Freitag 22 Juli 2022, 14:00

In den USA stehen die Zeichen auf Revolution

  • Der Fussballverband U.S. Soccer führt einen neuen und ehrgeizigen technischen Plan ein

  • Das FIFA-Entwicklungsprogramm FORWARD ist bei der Umsetzung unverzichtbar

  • "Wir haben von Grund auf eine neue Spielweise entwickelt"
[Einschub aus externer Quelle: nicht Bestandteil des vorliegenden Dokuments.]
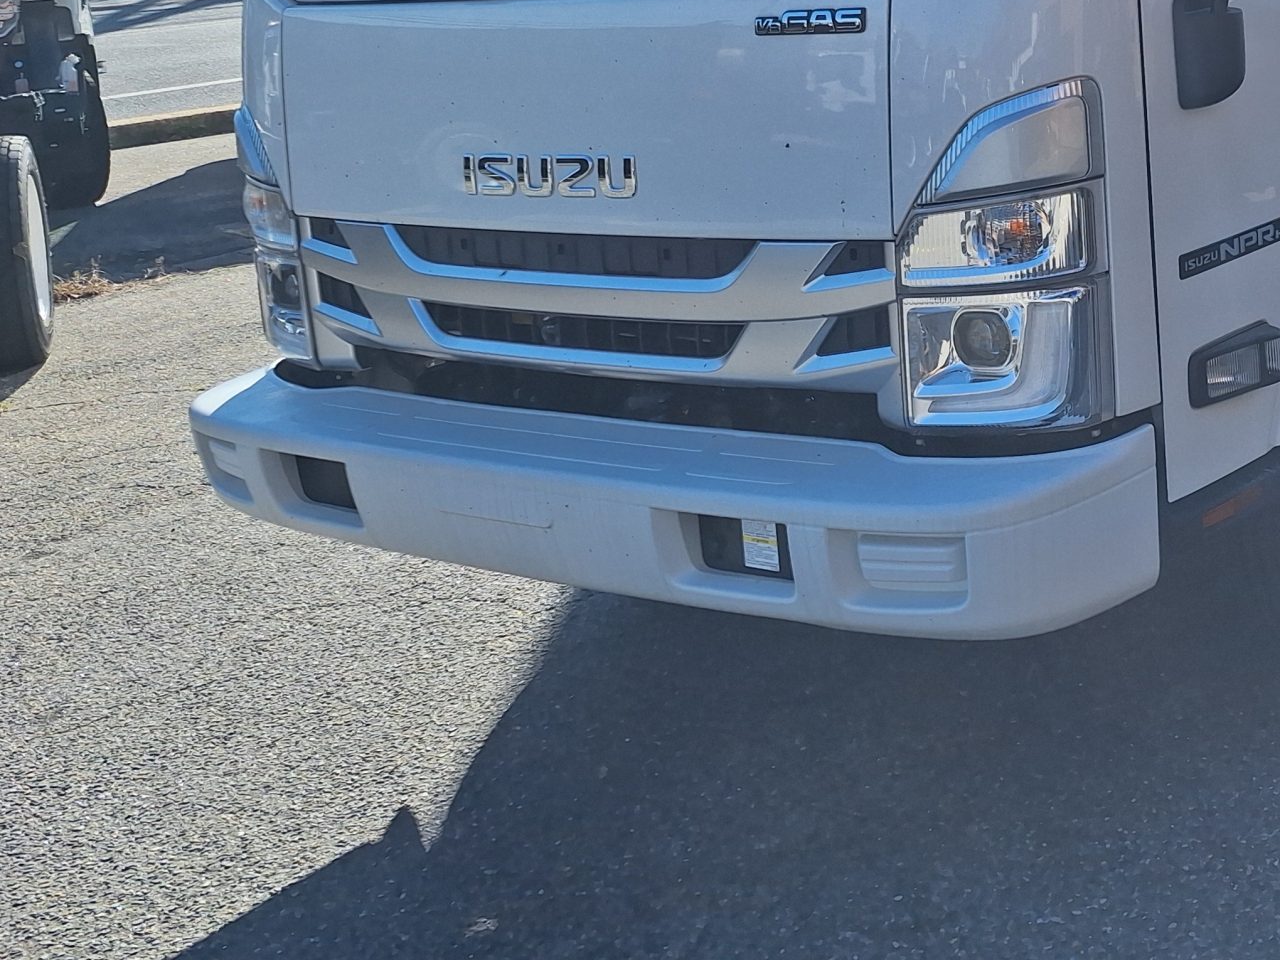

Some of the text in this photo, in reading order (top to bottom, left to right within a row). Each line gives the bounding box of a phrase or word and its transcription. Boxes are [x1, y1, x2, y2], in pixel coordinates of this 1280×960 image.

Bekanntlich verbreitete sich das COVID-19-Virus über die ganze Welt, nachdem es in Wuhan in der VR China entdeckt worden war. Um die verheerende Ausbreitung des Virus zu stoppen, wurden zahlreiche Bereiche des öffentlichen Lebens stillgelegt, so auch der Fussball. In den folgenden Wochen und Monaten musste sich die Welt an eine neue Normalität gewöhnen. Als es endlich auch im Fussball wieder losging, mussten Spiele vor leeren Rängen stattfinden, weil entsprechende Maßnahmen zum Schutz der Gesundheit eingeführt wurden, um die Ausbreitung der Krankheit zu verhindern. In der Welt des Fussballs erholte sich nicht jedes Land gleich schnell. So waren beispielsweise in den USA die Nachwuchsteams volle 575 Tage lang außer Gefecht gesetzt. Um den dringend erforderlichen Neuanfang zu ermöglichen, wandte sich der US-amerikanische Fussballverband USSF für Finanzierung, Beratung und technologische Ressourcen an das FIFA-Entwicklungsprogramm FORWARD.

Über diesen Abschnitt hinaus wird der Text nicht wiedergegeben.